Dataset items
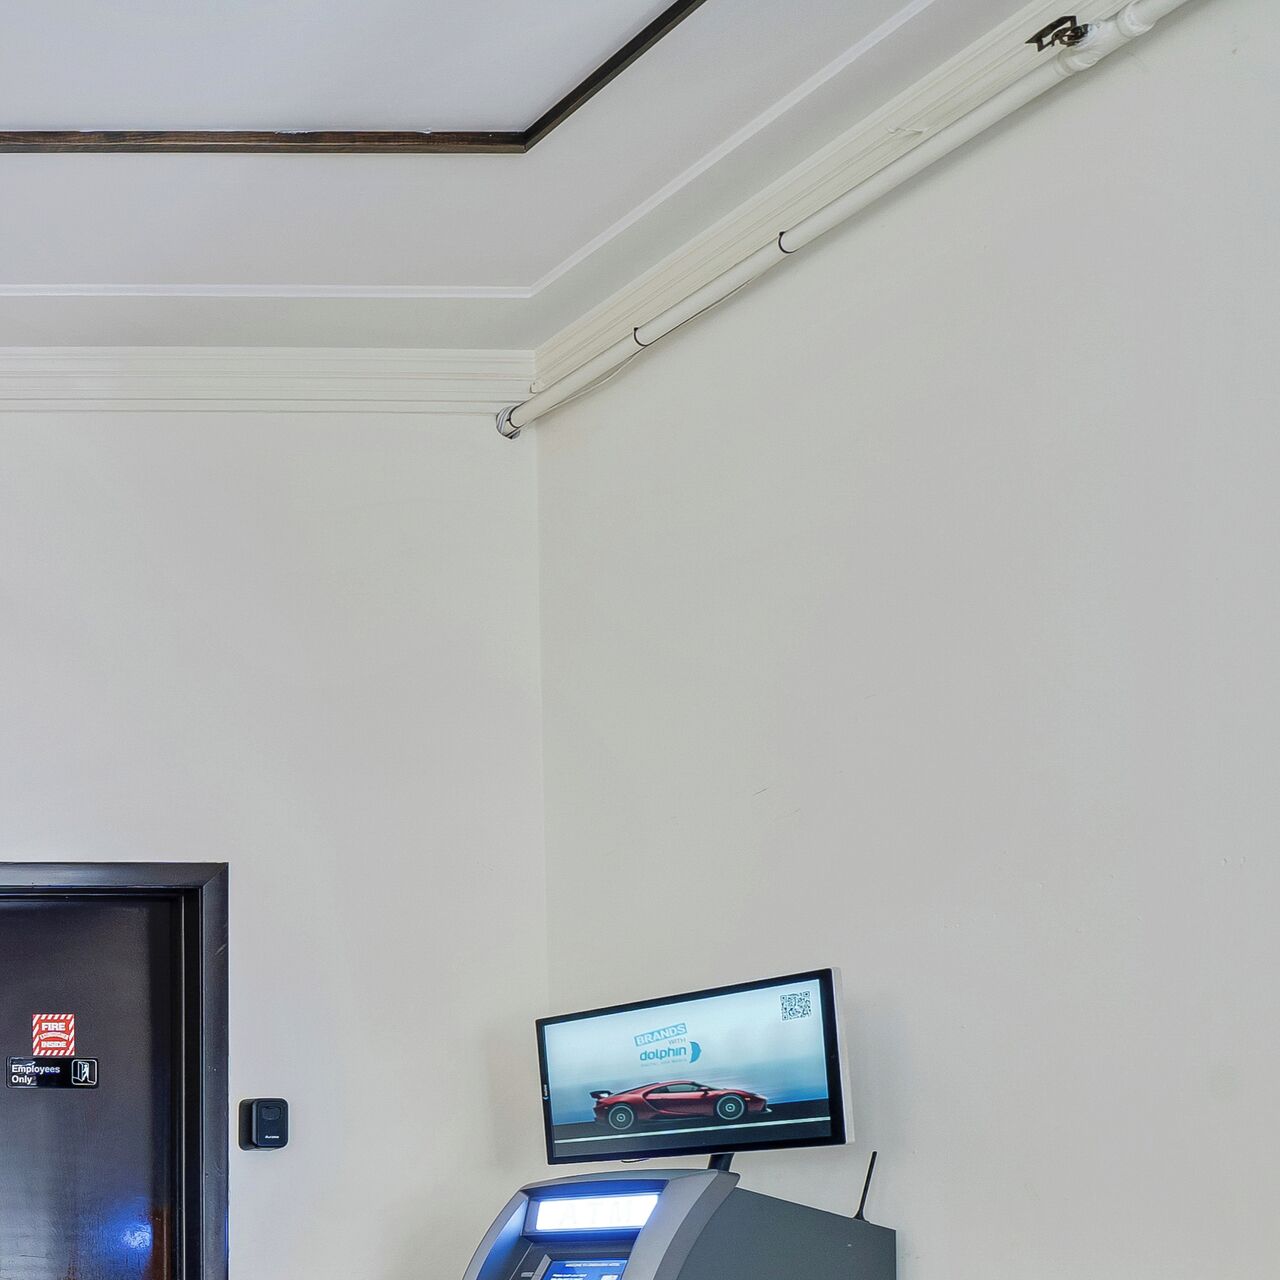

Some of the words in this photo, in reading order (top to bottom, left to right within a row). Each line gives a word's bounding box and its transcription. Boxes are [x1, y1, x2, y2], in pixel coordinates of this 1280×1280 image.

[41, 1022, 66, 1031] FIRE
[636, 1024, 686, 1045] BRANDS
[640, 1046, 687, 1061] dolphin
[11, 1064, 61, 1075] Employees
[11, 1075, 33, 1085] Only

(TASK): With the images excluded, reproduce the data above precisely as written.

(ANSWER TO THIS TASK):
Some of the words in this photo, in reading order (top to bottom, left to right within a row). Each line gives a word's bounding box and its transcription. Boxes are [x1, y1, x2, y2], in pixel coordinates of this 1280×1280 image.

[41, 1022, 66, 1031] FIRE
[636, 1024, 686, 1045] BRANDS
[640, 1046, 687, 1061] dolphin
[11, 1064, 61, 1075] Employees
[11, 1075, 33, 1085] Only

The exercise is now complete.